# Mazda RX7 Conversion



## brian_ (Feb 7, 2017)

I'm looking forward to following the build. 

I find it extremely tedious to watch and listen to hours of amateur videos, hoping for a few bits of real information... can you share with us a brief summary of the results for your conversion, such as the number and capacity of cells? Also, it looks like there was supposed to be a link to EV West's schematic but there isn't one.


----------



## bawfuls (Jan 8, 2018)

brian_ said:


> I find it extremely tedious to watch and listen to hours of amateur videos


Richard's videos at EV4U are definitely slow and tedious, yet they also manage to leave out tons of details I'd like to see. I have watched a lot of his to get info on my build though, typically I set the speed to 1.5x on youtube and just pause/rewatch key bits.

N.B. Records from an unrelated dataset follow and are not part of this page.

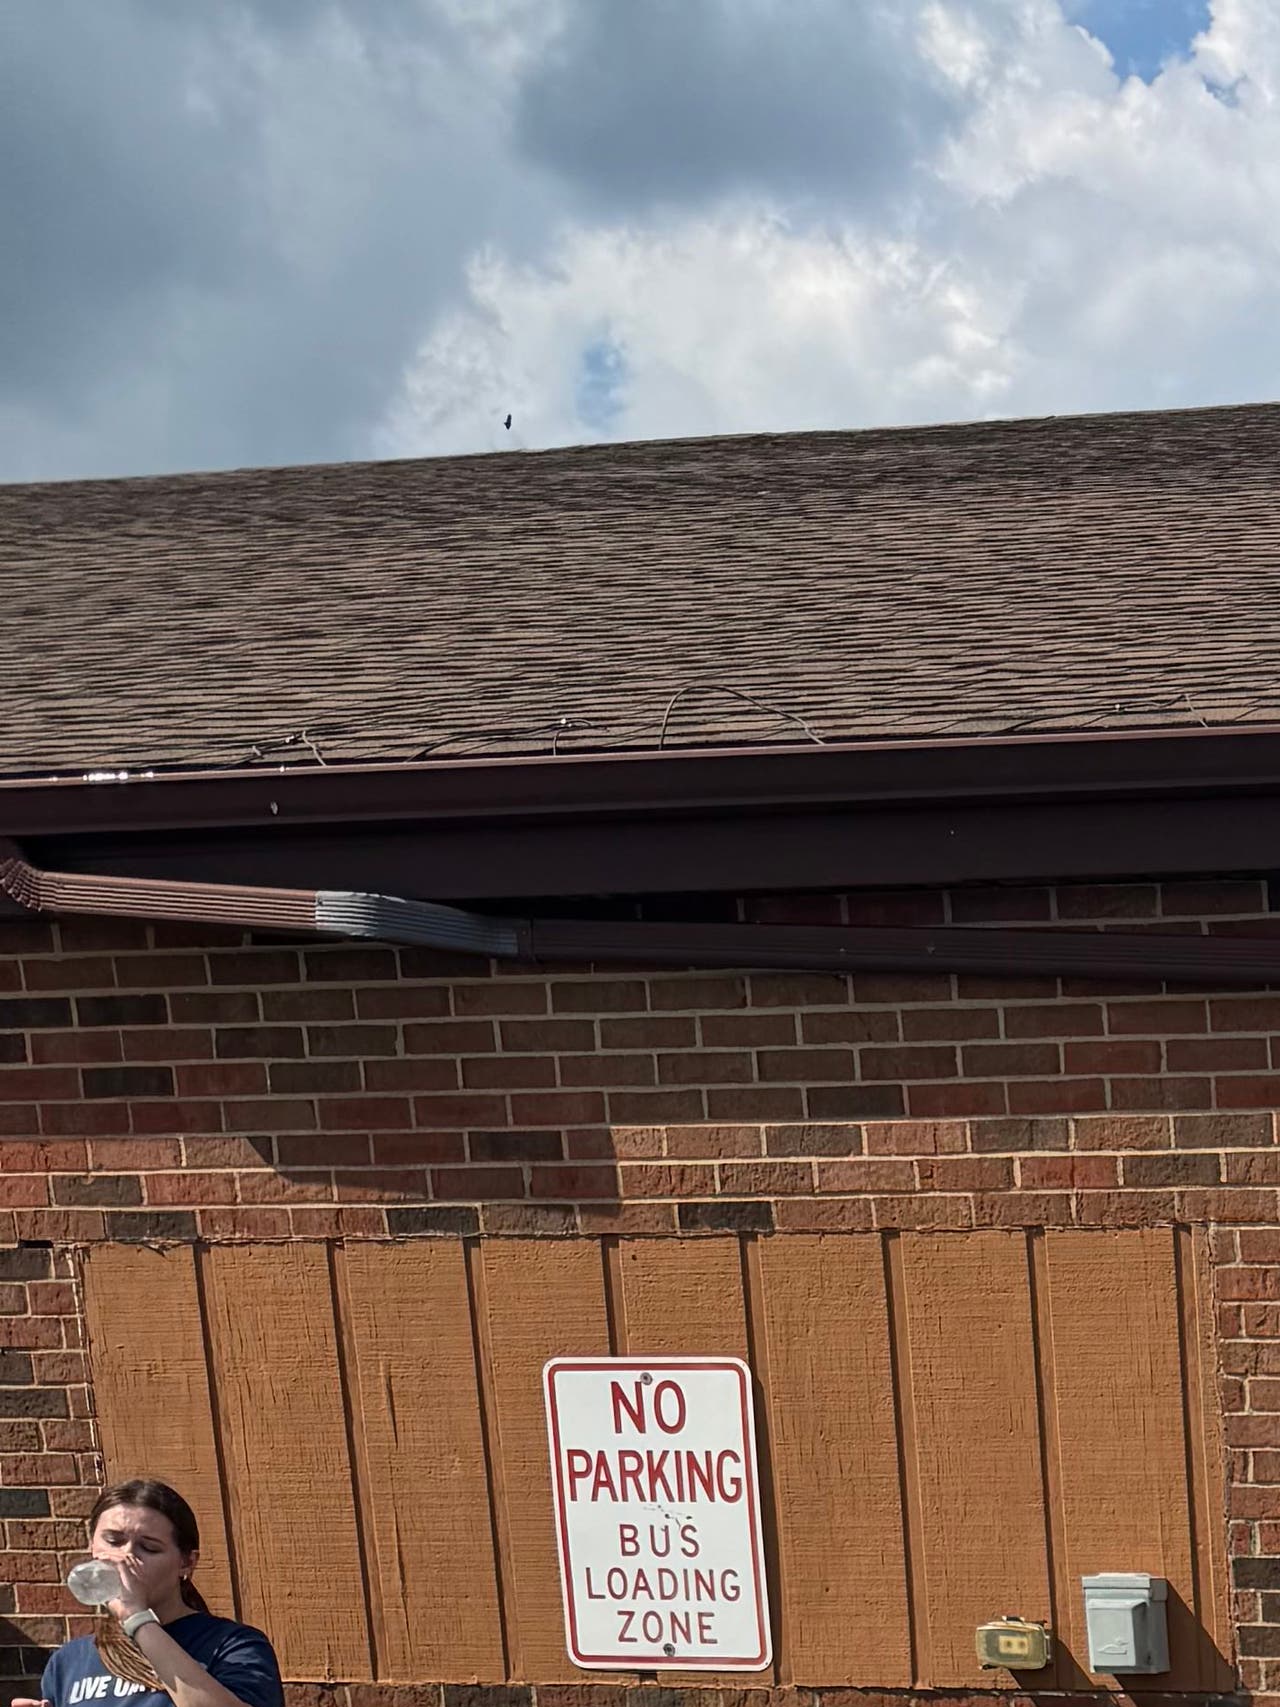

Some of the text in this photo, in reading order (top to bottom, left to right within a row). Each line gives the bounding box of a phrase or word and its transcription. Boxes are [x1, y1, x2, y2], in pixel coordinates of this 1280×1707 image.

[610, 1380, 687, 1434] NO
[566, 1449, 743, 1503] PARKING
[619, 1523, 700, 1558] BUS
[585, 1567, 741, 1601] LOADING
[616, 1611, 718, 1644] ZONE
[69, 1676, 112, 1704] LIVE

I wish there were more people doing EV conversions. The quality of build videos on youtube is noticeably lacking compared to what you can find with normal ICE car builds.


----------



## NycEV (Aug 11, 2012)

I appreciate Richard's videos. There's a lot of new stuff to learn when moving from ICE to diy EV. To be fair it took me a while to learn the ICE stuff too. 

For noobs:

The video about selecting a motor and a controller explains how important a decision that is for the rest of the build as well as what it means on the AC vs DC side of that choice. Bottom line for an AC motor you typically have to use the matching controller. For a DC motor there are more controller choices. 

True cost of converting breaks down the all in costs which is an important thing to be clear on when you start a build. Richard's experience is valuable there too.

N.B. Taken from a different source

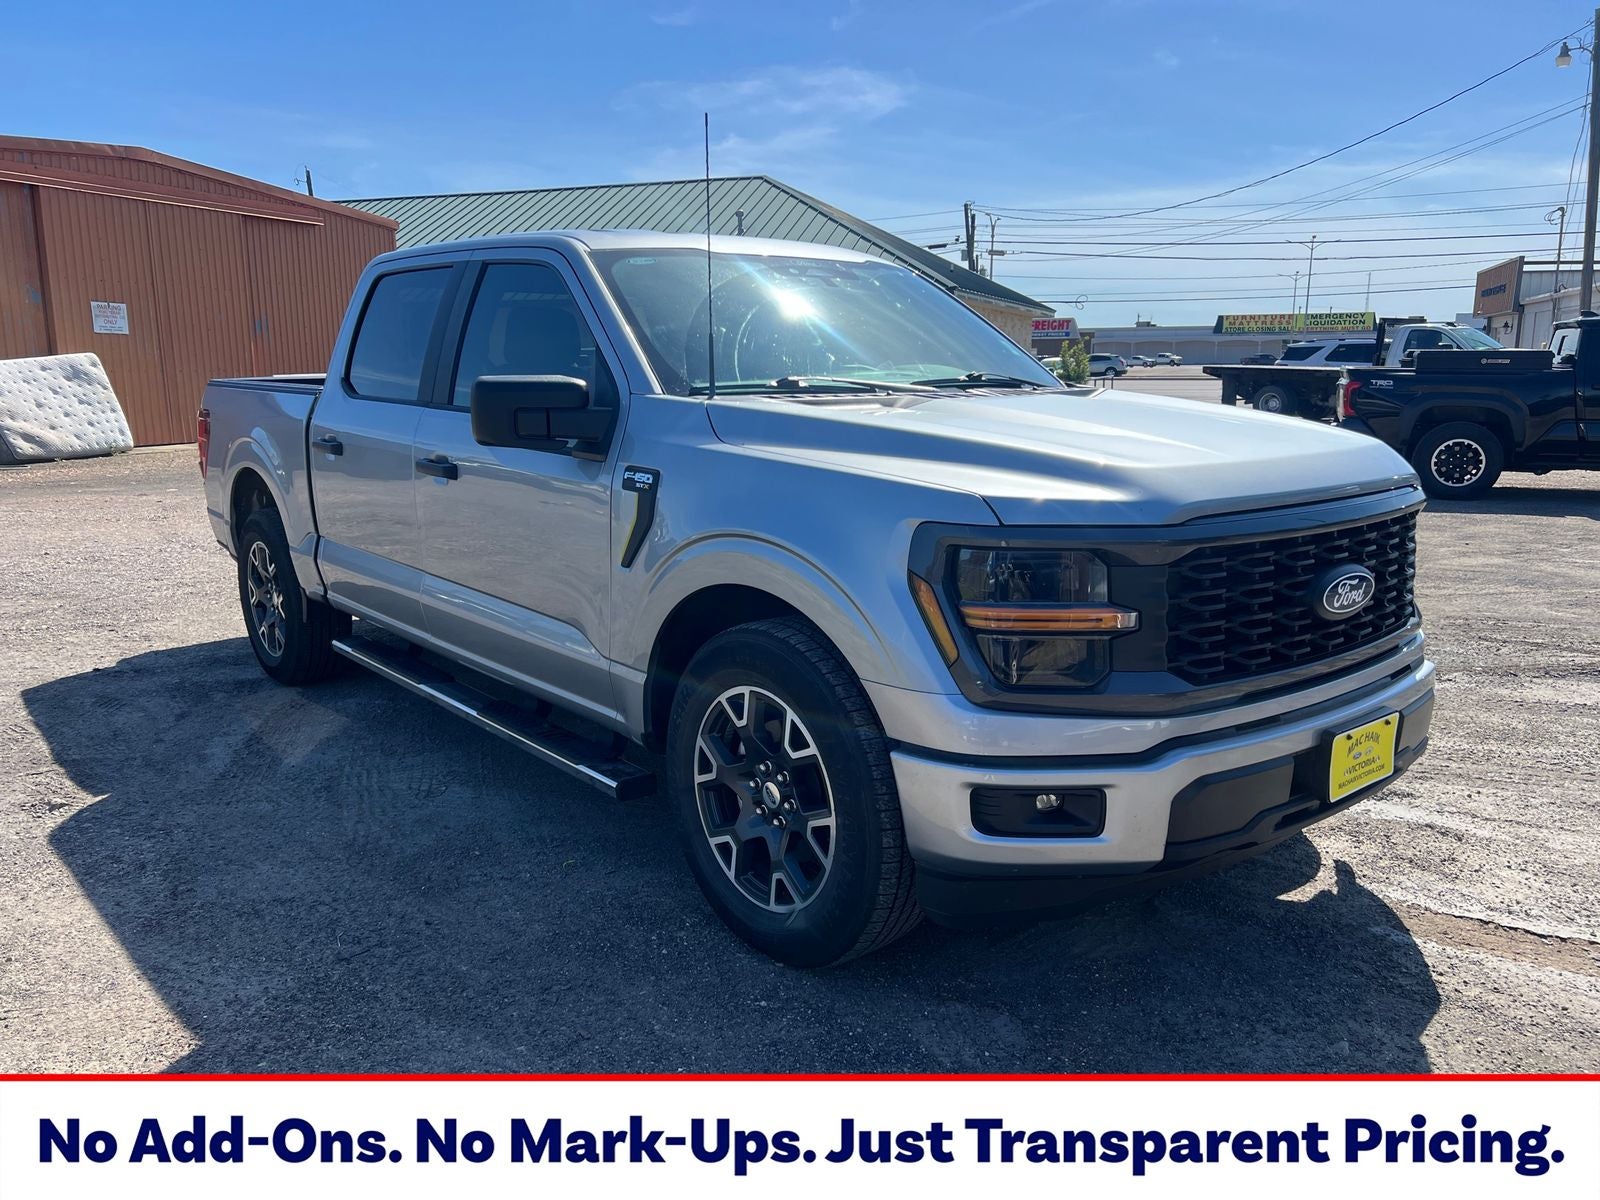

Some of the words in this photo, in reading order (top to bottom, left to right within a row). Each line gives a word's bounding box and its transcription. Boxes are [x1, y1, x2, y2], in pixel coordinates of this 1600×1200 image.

Calculating battery pack size breaks down step by step how to calculate range and battery pack size. I think that's the most important video for me now. I still haven't decided on the 100ah or 180ah cells yet so I need to run through the calculations and costs again on that one.


In the meantime let's get to some engine pull pics! I don't feel like there's a lot to show on the EV side yet. It's just the motor and the controller. Not much to look at. 





























The exhaust is out. I started sizing up the gas tank and will need to get at that. I'm also thinking about where I want to put the batteries. The Zeva build puts some of the batteries in the "boot" by cutting the spare tire wheel well and recessing a battery box but I'd like to avoid cutting if possible (realize that may not be avoidable). I also would like to avoid that in order to not change the handling of the car. Be we will see.


----------



## NycEV (Aug 11, 2012)

Also for noobs - The AC vs DC question. I probably would have gone DC if I didn't score the used AC system. DC is just cheaper. But AC has some benefits I liked in terms of regen braking, no brushes to maintain (which really isn't that big of a deal from what I've read), idle, ease of install and AC just feels more modern.

I think that's it for the noob section. I'm open to any other nooby questions out there. PM me instead of a thread hijack. It took a lot of reading and research for me to get my noob questions answered. If I can save somebody that time just hit me up. In my mind there's some way to make all of this easier for noobs but maybe that's wrong and it's all part of paying dues.


----------



## brian_ (Feb 7, 2017)

brian_ said:


> Also, it looks like there was supposed to be a link to EV West's schematic but there isn't one.





NycEV said:


> 4.) Here's a build schematic from EV West that I was stoked to find...


Thanks for adding the link


----------



## Emyr (Oct 27, 2016)

bawfuls said:


> I have watched a lot of his to get info on my build though, typically I set the speed to 1.5x on youtube and just pause/rewatch key bits.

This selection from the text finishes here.